Vlašić cheese (Vlašićki sir / Влашићки сир) or Travnik cheese (Travnički sir / Травнички сир) is a brined mostly low-fat white cheese made from sheep-milk. Cheese originating from the mountain of Vlašić, just above the town of Travnik in central Bosnia and Herzegovina. Depending on amount of brine (salty water) the cheese is kept in, its texture and taste can vary but is mostly dry and quite salty.

==History==
The toponym Vlašić (mountain name) derived from the name Vlasi (Serbo-Croatian for Vlachs), historically used in Bosnia and Herzegovina for its transhumant population.
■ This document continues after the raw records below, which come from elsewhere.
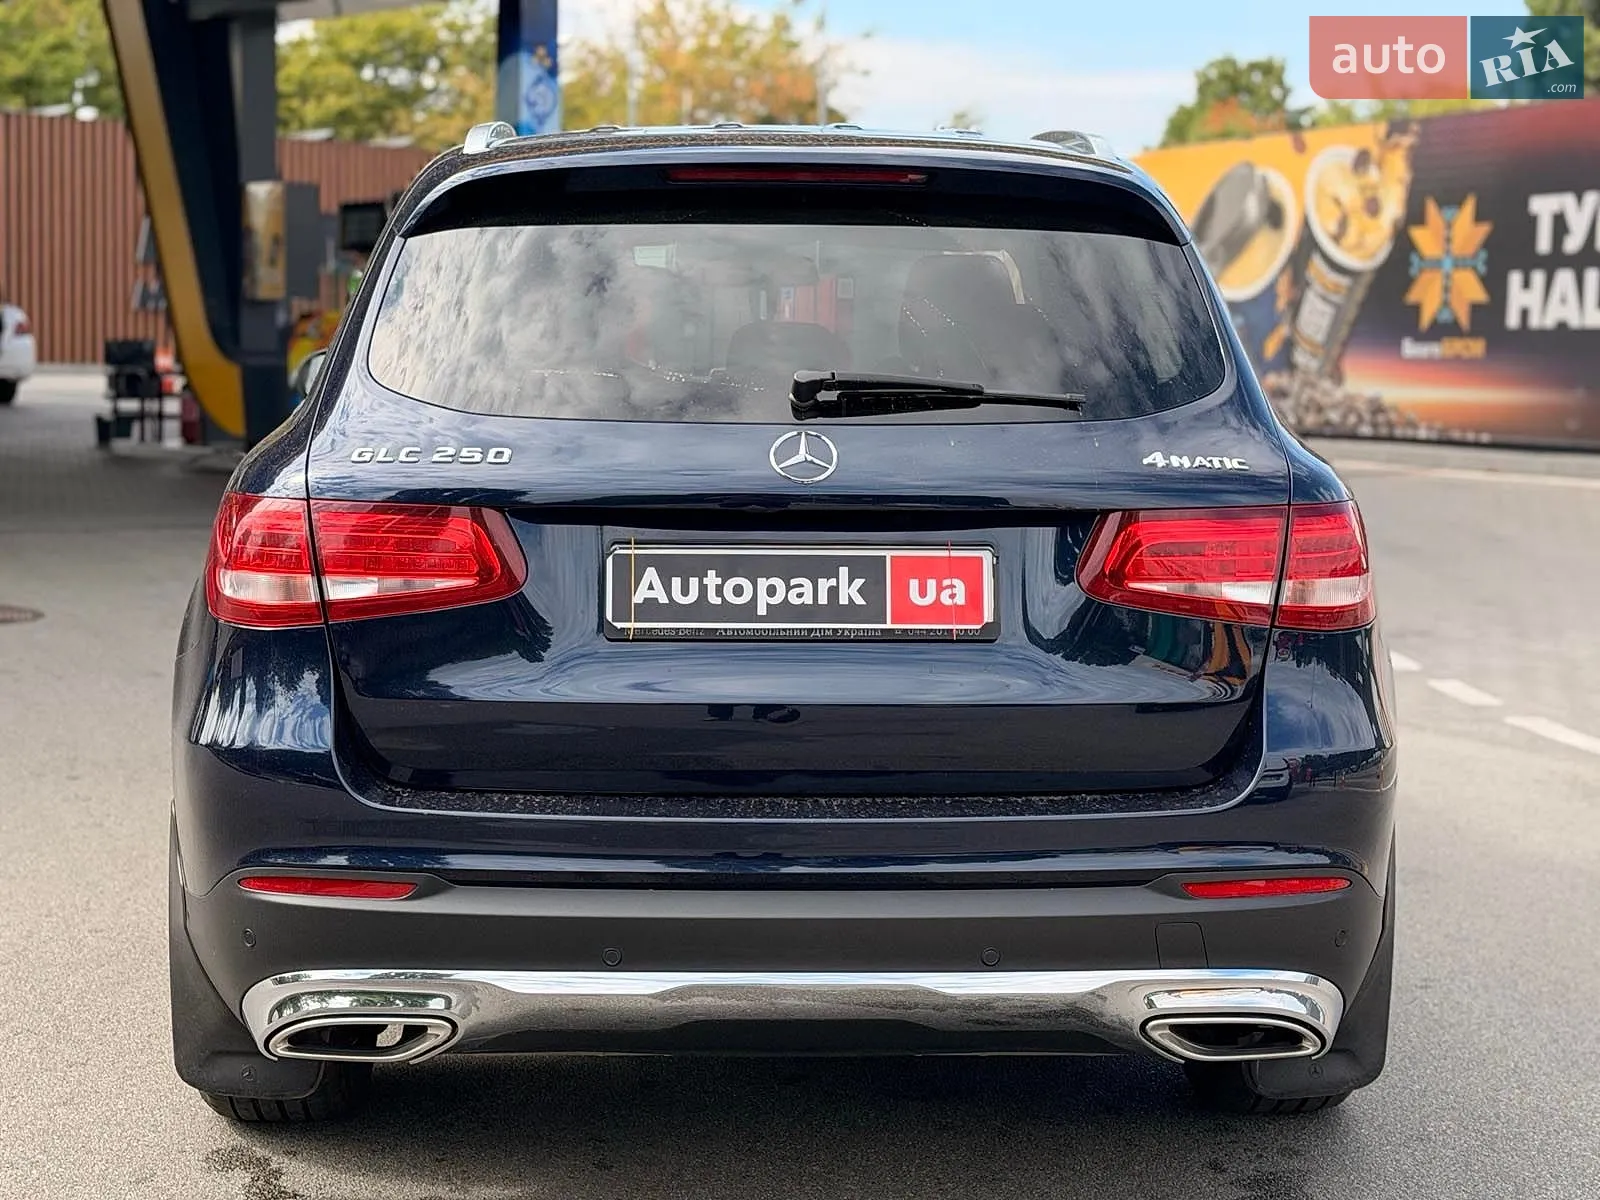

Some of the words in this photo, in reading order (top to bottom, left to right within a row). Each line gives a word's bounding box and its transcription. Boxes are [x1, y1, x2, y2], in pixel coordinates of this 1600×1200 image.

[1527, 189, 1600, 256] ТУ
[350, 447, 422, 464] GLC
[431, 446, 513, 465] 250
[1142, 451, 1250, 470] 4MATIC
[632, 567, 867, 616] Autopark
[908, 577, 967, 607] ua
Academics like late Marko Vego believe that the Vlachs, as remnant of the Roman Empire, came up with a recipe for the trademarks of product of the mountain and the region, namely the Vlašić cheese, some time around 1000 AD or earlier. Henceforth, by perfecting the recipe, the Vlachs passed on the tradition to other cattle breeders from the surrounding mountains.
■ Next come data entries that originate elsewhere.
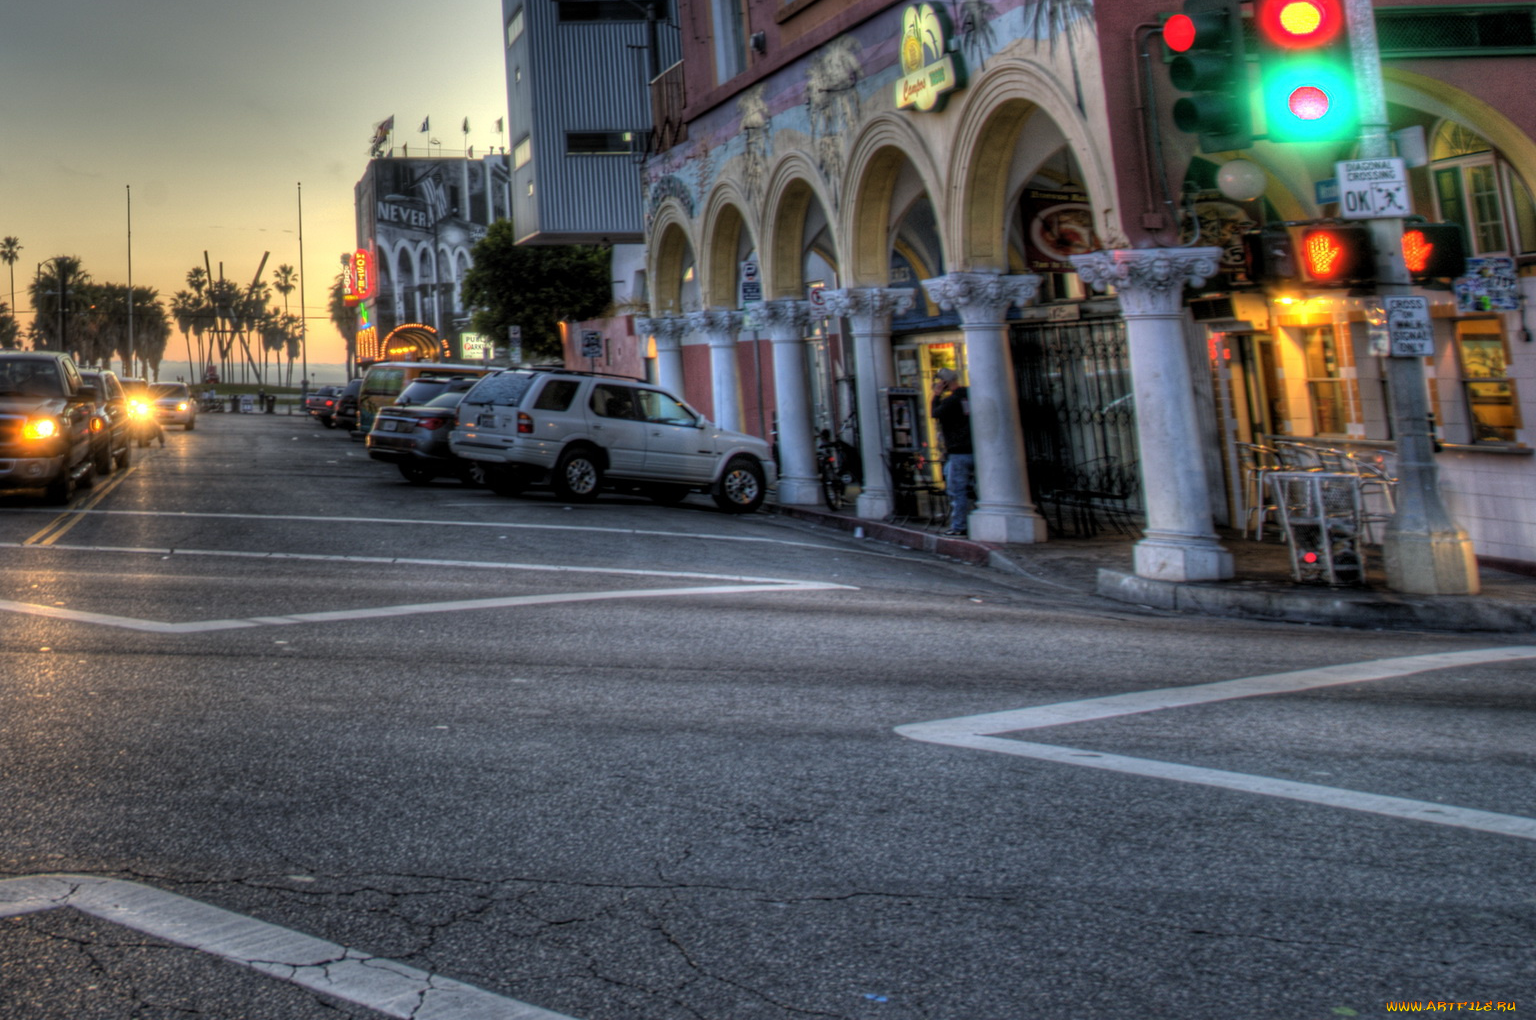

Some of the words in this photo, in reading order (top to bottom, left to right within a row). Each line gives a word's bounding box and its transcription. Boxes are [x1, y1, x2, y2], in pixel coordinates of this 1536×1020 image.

[1345, 161, 1393, 172] DIAGONAL
[1347, 170, 1396, 181] CROSSING
[1346, 190, 1371, 212] OK
[377, 200, 426, 227] NEVER
[356, 253, 366, 294] HOSTEL
[1390, 299, 1423, 310] CROSS
[1394, 331, 1429, 341] SIGNAL
[1400, 343, 1424, 353] ONLY
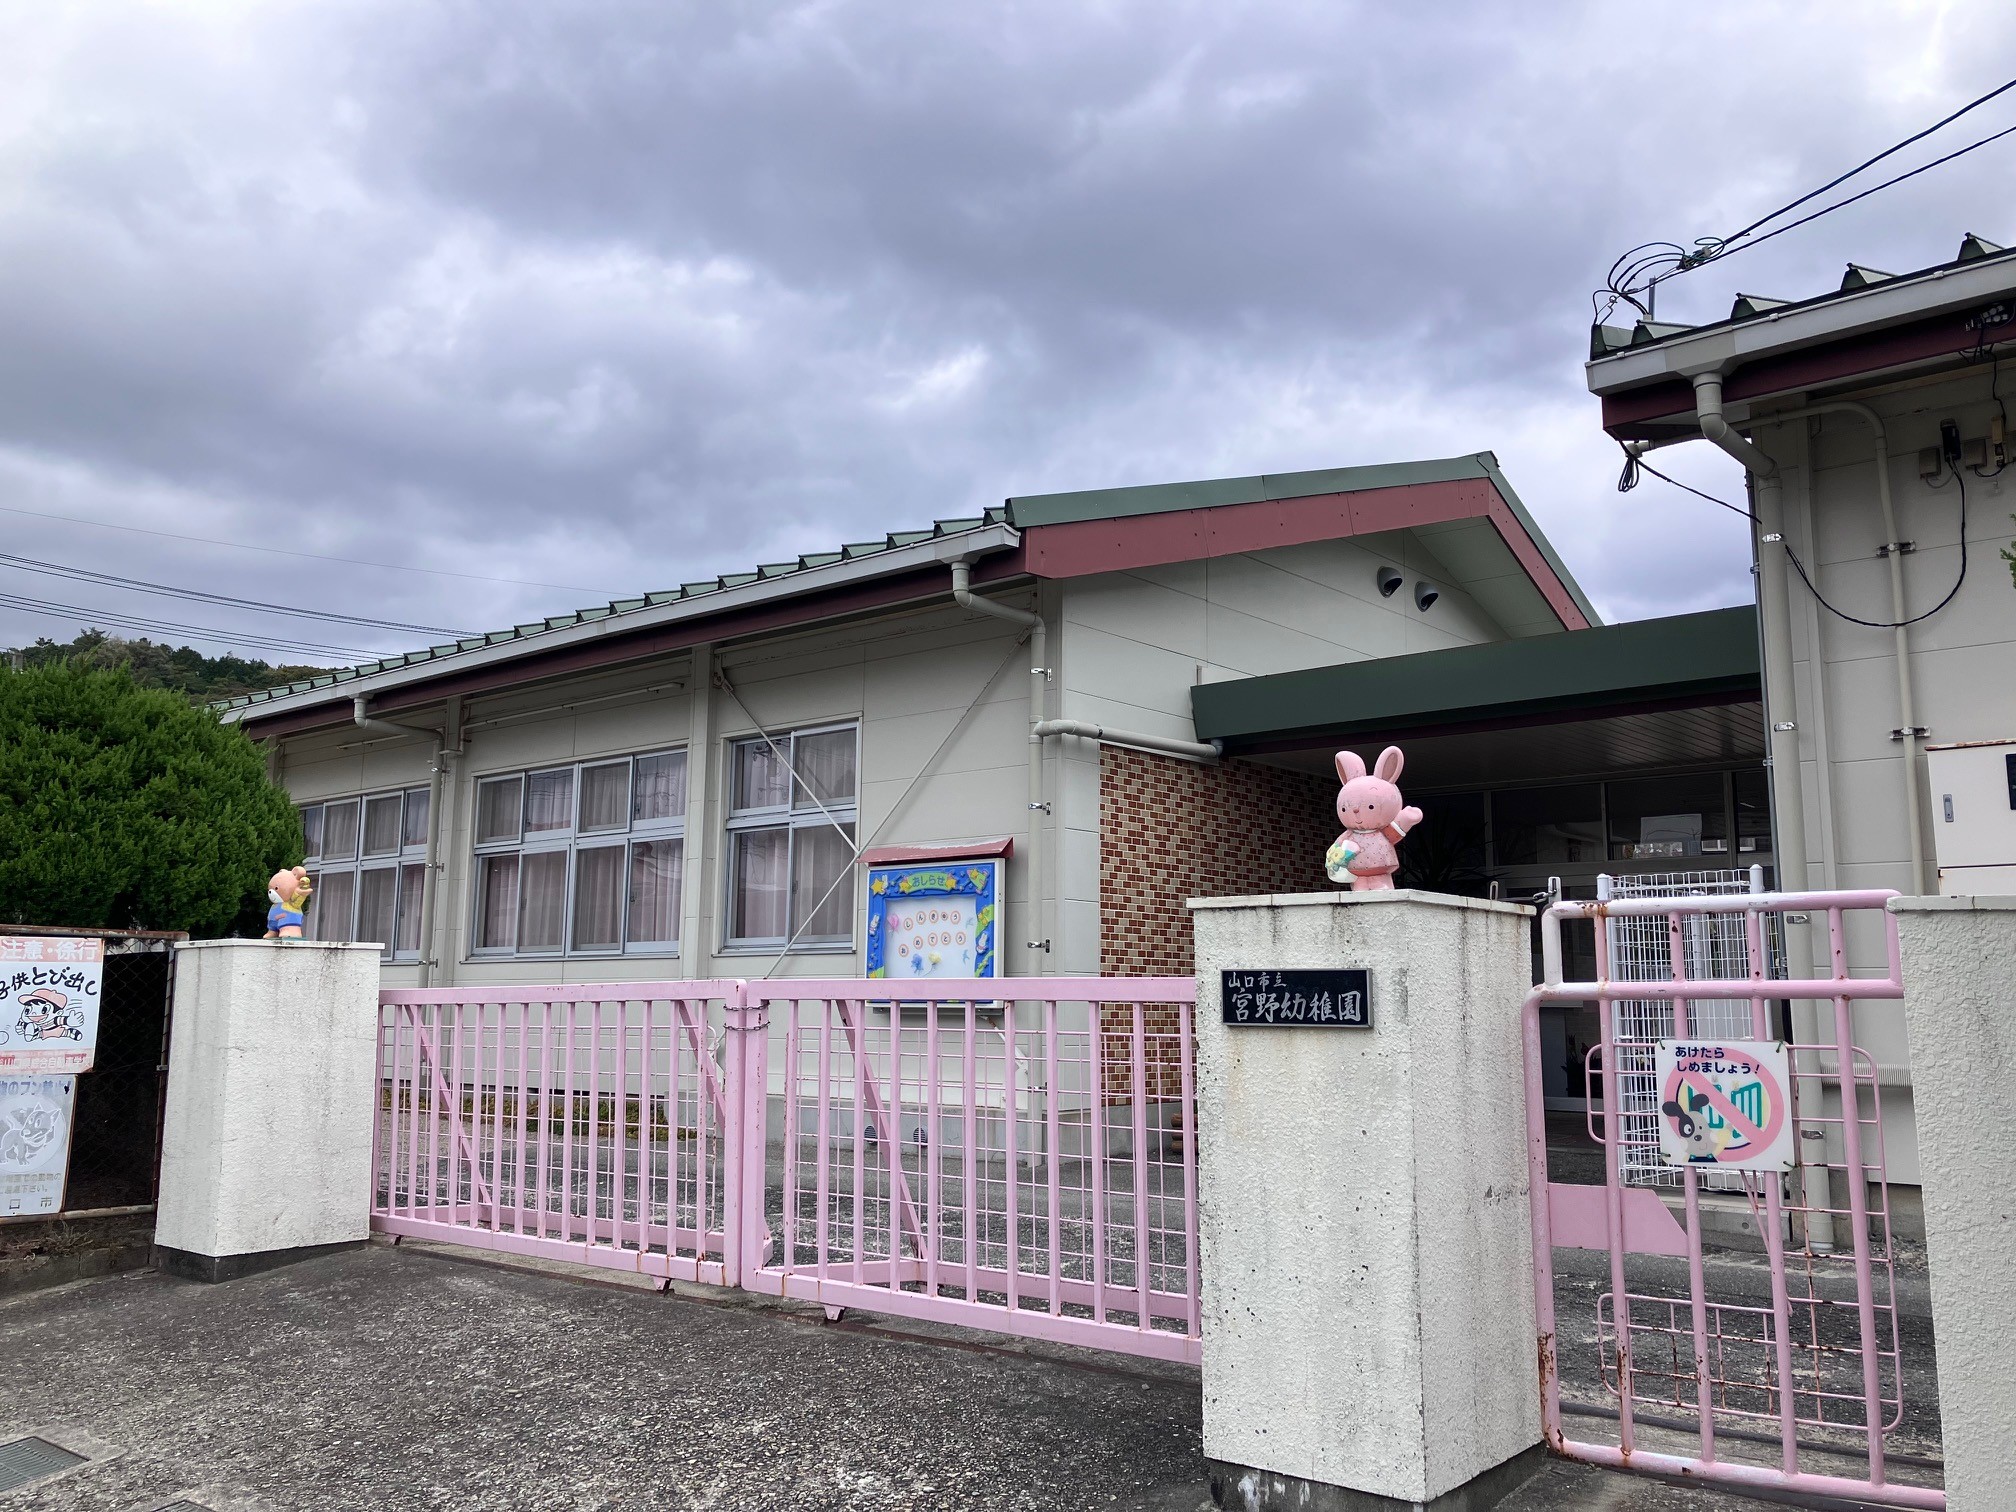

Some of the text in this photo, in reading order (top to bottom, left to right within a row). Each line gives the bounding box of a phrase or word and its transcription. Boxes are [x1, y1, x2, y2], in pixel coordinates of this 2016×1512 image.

In its 1953 handbook "Cheese Varieties", the United States Department of Agriculture described Travnik cheese as originating in Albania in the early 19th century, where it was known as Arnautski sir. The cheese later spread to Yugoslavia, where it became known as Travnik.

==Production and characteristics==
Vlašić cheese is a white cheese that matures in brine. It is originally made from fresh sheep milk, but of recently also cow milk is used, or a mix of both varieties, and then left to ripen for two to three months.

The cheese is brined and mostly low-fat. It is white in color, and can either have small irregular holes scattered in it, or be solid without holes. Depending on the amount of brine the cheese is kept in, its texture and taste can vary, but drained it turns mostly dry and quite salty in taste. The milk has a special flavor that comes from the variety of different herbs the sheep are eating when grazing on Vlašić and the surrounding mountains.

==Popularity and consumption==
Today this cheese is produced throughout Bosnia and Herzegovina, but is regarded as particular traditions of the region of Central Bosnia, Vlašić mountain and town of Travnik. In addition to the cheese, two other particular trademarks of the region exist, the Tornjak dog and Pramenka sheep. The Tornjak is believed to have existed for more than a millennium, bred to guard people and its livestock from wolves and bears. Its etymology is connected to Neo-Latin torni acca ("turn here").

The Vlašić cheese was awarded many prizes over the years, with gold medal won at 12th International Exhibition of Cheese in Austria (Die internationale Käsiade) in 2014 among the most recent ones.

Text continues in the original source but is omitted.